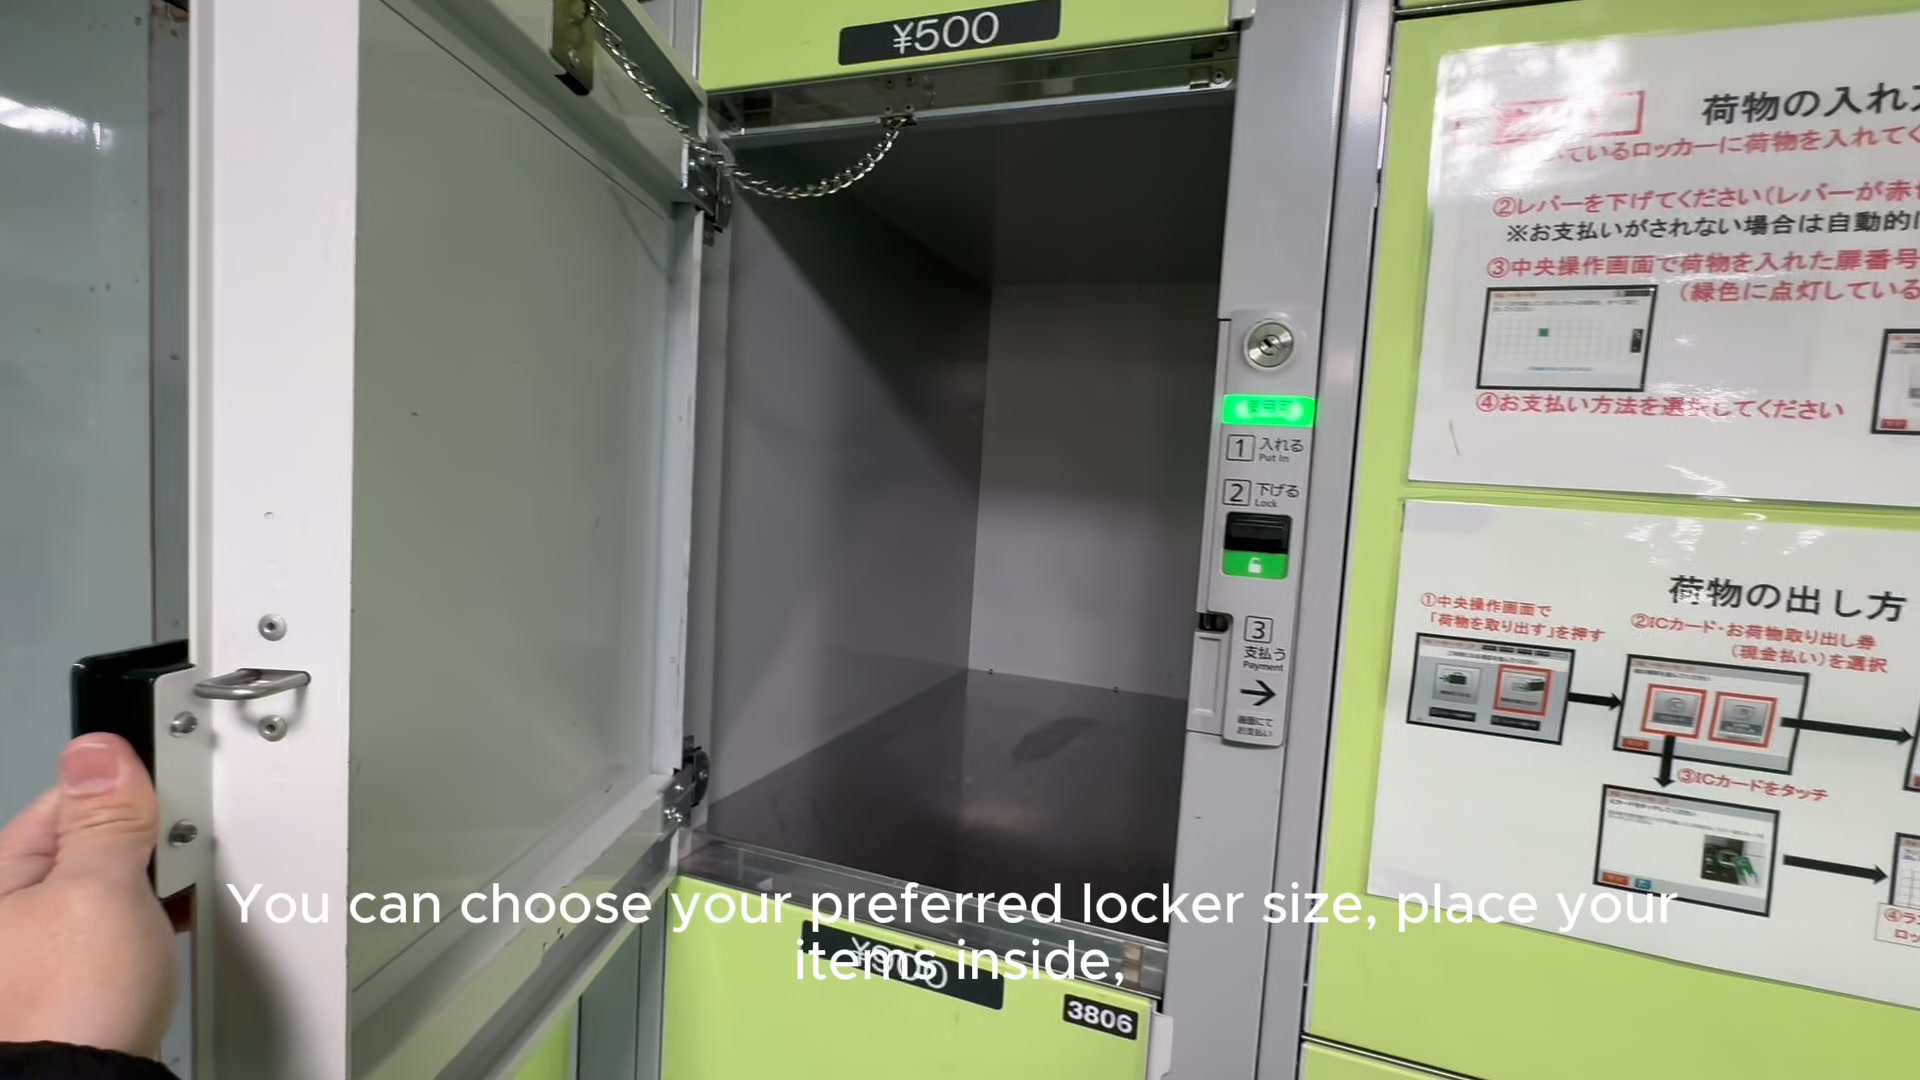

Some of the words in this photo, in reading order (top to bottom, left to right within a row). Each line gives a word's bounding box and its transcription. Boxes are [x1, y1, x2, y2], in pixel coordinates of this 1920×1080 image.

[893, 11, 1000, 55] ¥500
[1702, 82, 1920, 126] 荷物の入れ
[1235, 438, 1244, 458] 1
[1259, 437, 1304, 453] 入れる
[1259, 453, 1276, 462] Put
[1230, 483, 1244, 503] 2
[1256, 482, 1300, 498] 下げる
[1255, 498, 1279, 508] Lock
[1668, 574, 1907, 622] 荷物の出し方
[1251, 620, 1266, 640] 3
[1243, 645, 1287, 662] 支払う
[1242, 660, 1284, 672] Payment
[1067, 1000, 1133, 1034] 3806

= = =

* **WHAT YOU WILL DO**:
Every line of the listing above is to be retyped exactly, but the pictures are to be dropped.

* **RESULT OF THIS TASK**:
Some of the words in this photo, in reading order (top to bottom, left to right within a row). Each line gives a word's bounding box and its transcription. Boxes are [x1, y1, x2, y2], in pixel coordinates of this 1920×1080 image.

[893, 11, 1000, 55] ¥500
[1702, 82, 1920, 126] 荷物の入れ
[1235, 438, 1244, 458] 1
[1259, 437, 1304, 453] 入れる
[1259, 453, 1276, 462] Put
[1230, 483, 1244, 503] 2
[1256, 482, 1300, 498] 下げる
[1255, 498, 1279, 508] Lock
[1668, 574, 1907, 622] 荷物の出し方
[1251, 620, 1266, 640] 3
[1243, 645, 1287, 662] 支払う
[1242, 660, 1284, 672] Payment
[1067, 1000, 1133, 1034] 3806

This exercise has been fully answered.